No me hagas ir a por el otro termómetro (enfermedades varias)
Te traeré una sopita de pollo, te sentará bien
La penicilina no se descubrió hasta 1928, cuando Alexander Fleming la usó por primera vez para matar bacterias de estafilococos. Pero la «penicilina judía», también conocida como sopa de pollo, lleva mucho más tiempo combatiendo enfermedades. El texto médico del siglo IV a. C. titulado en latín De internis affectionibus, y que algunos atribuyen a Hipócrates, recomienda el pollo hervido «en caso de catarro purulento y también para enfriamientos graves». Varios siglos después, Dioscórides, médico militar del emperador romano Nerón, prescribía «el caldo de un pollo aliñado con sencillez… para la astringencia de fluidos perniciosos, y para aquellos con las tripas ardientes».

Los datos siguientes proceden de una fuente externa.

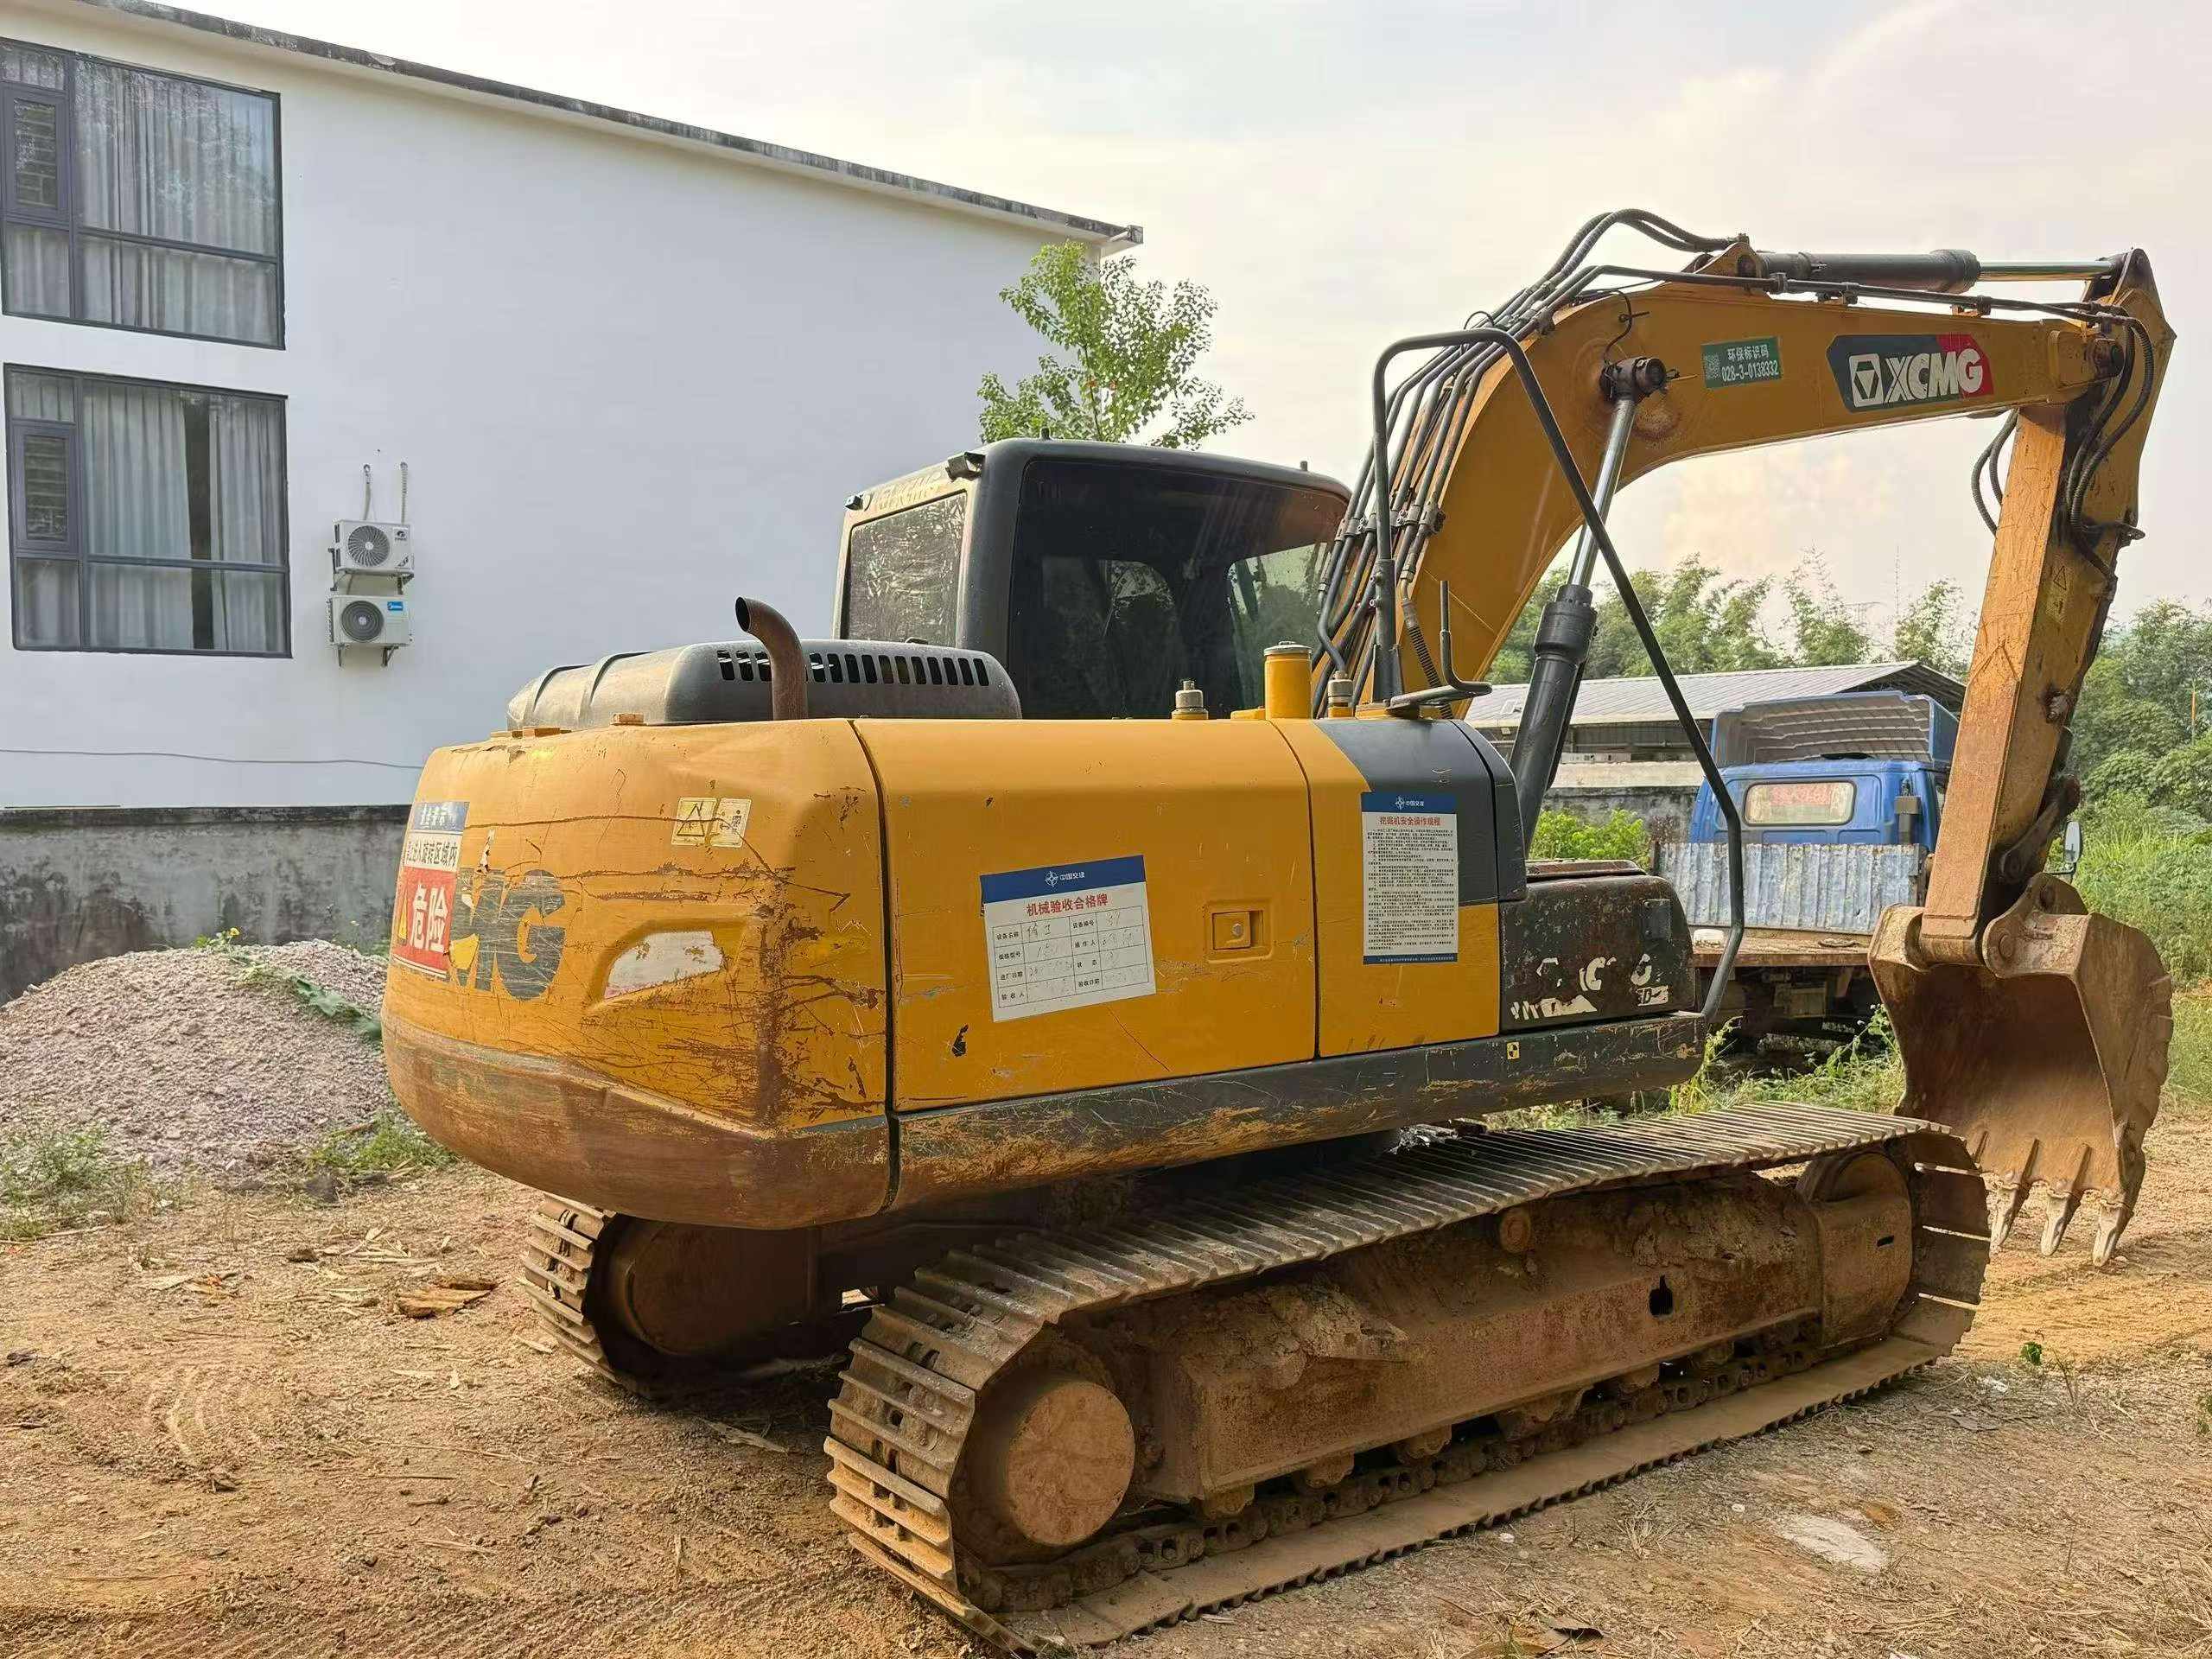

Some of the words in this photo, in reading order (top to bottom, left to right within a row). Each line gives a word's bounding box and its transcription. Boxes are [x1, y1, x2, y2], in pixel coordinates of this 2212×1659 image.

Podría pensarse que las propiedades medicinales de la sopa de pollo son sobre todo psicológicas: está calentita y reconforta, se digiere fácilmente, recuerda a la madre, al hogar, y es lo bastante salada como para poder saborearse incluso durante los peores episodios de congestión nasal que el invierno pueda depararnos. Pero, de hecho, se han llevado a cabo algunos estudios a pequeña escala sobre la eficacia de la sopa de pollo en el tratamiento de los catarros, y las investigaciones resultan prometedoras. En 1978, unos investigadores del Mount Sinai Medical Center, en Miami, se dedicaron a estudiar las narices de quince personas a las que dieron de comer sopa de pollo, y descubrieron que el flujo de aire por ellas no se veía afectado, pero que ingerir sorbos de sopa caliente llevaba a un aumento de la «velocidad del moco nasal» hasta los 9,2 milímetros por minuto, lo que hacía que sonarse la nariz resultara más eficaz que si los sorbos eran sólo de agua, ya fuera ésta fría o caliente. Los autores del trabajo consideraban que ello se debía, tal vez, al «aroma… o a algún mecanismo relacionado con el sabor» de la sopa de pollo.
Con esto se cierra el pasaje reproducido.